I can ride my bike with no handlebars.


     Random tidbit of the week: I am becoming very proficient at riding my bike with no handlebars. No handlebars.
     Anyway, first off, I can't believe I am 20 is less than a week. When I went into the MTC I felt like my birthday was ages away, now here it is. Pretty soon it will be a year in the field and then it is all down hill from there. Crazy how time flies.
     Bayside is doing well. We are teaching a lot of less active members, but are really hurting for investigators. It has been really tough to find people. I think we will start to try to focus more on part member families. Finding the families who are less active and non-member and help bring them back. The ward really likes us now, so that is good. We are figuring Elder Howard is out of here in a month, which is crazy.
     This week was a leadership meeting down in San Jose. I shared Robbie's C.S. Lewis quote when we were talking about how to help and inspire our districts to be obedient. It is now being circulated around the mission. Robbie gets a cookie.

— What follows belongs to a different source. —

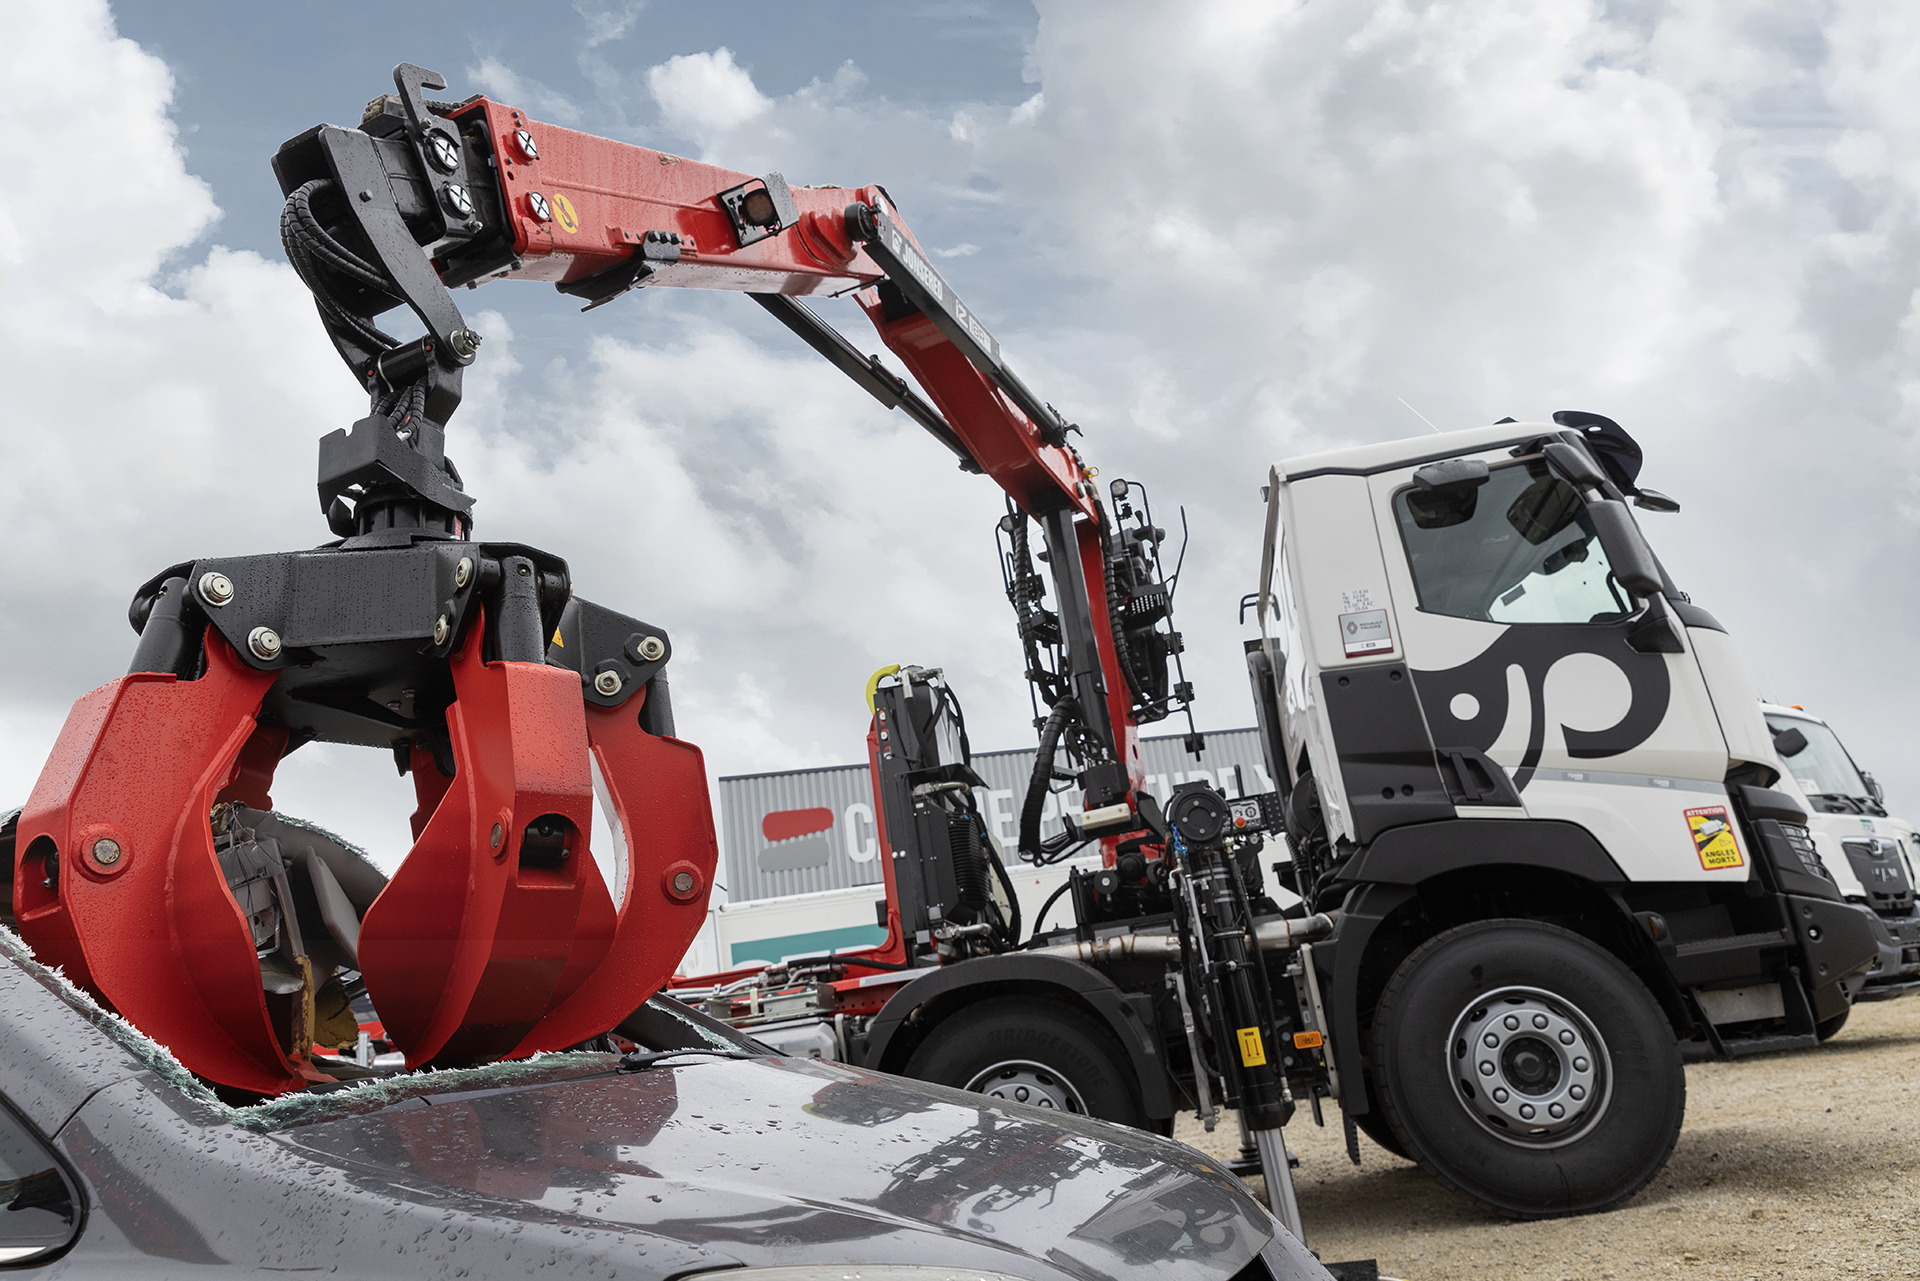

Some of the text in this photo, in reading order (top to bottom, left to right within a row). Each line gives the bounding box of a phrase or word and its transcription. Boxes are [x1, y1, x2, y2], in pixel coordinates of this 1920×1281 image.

[903, 243, 943, 301] JONSERED
[1686, 807, 1725, 816] ATTENTION
[1705, 849, 1735, 858] ANGLES
[1708, 856, 1736, 865] MORTS

     "No man knows how bad he is till he has tried very hard to be good. A silly idea is current that good people do not know what temptation means. This is an obvious lie. Only those who try to resist temptation know how strong it is. After all, you find the strength of the German army by fighting against it, not by giving in. You find out the strength of a wind by trying to walk against it not by lying down. A man who gives into the temptation after five minutes simply does not know what it would have been like an hour later. That is why bad people, in one sense, know very little about badness. They have lived a sheltered life by always giving in. We never find out the strength of the evil impulse inside us until we try to fight it; and Christ, because He was the only man who never yielded to temptation, is also the only man who knows to the full what temptation really means - the only complete realist." - C.S. Lewis (Mere Christianity)

     We have a very young district this transfer, with 1/6 missionaries being over a year in the mission. They are all doing great and there will be one or more baptisms in the transfer. Hopefully one of them can be ours. We are working with a woman named Nanette, who is the mother of a prospective missionary. She has had a rough time with drugs and such, and is now suffering the consequences, health wise. She is getting ever-closer to baptism, and she really enjoys our visits, so hopefully we can help her to become more converted to the gospel. It will help her so much, because she has some feelings of guilt for things she has done in the past.
     This stake has been tough. It is losing a lot of members with a stake president and a bishop that have been in forever. The focus seems to be trying to hold on to people that are already here, instead of finding and rescuing. It can make it difficult for us. there have only been 6 convert baptisms this year in the stake, the lowest in the mission. Most stakes in the mission are up around 15-20 with Monterey and Menlo Park both over 30. The stake isn't all to blame for the lack of success though. Many times missionaries get up here and see the work is hard, so they get lazy or goof off. That is why I am glad there are a bunch of young, bright-eyed and bushy tailed missionaries in my district. We're working to lose the Fremont stigma.
     Thanks for all of the letters and support. Have a happy 4th.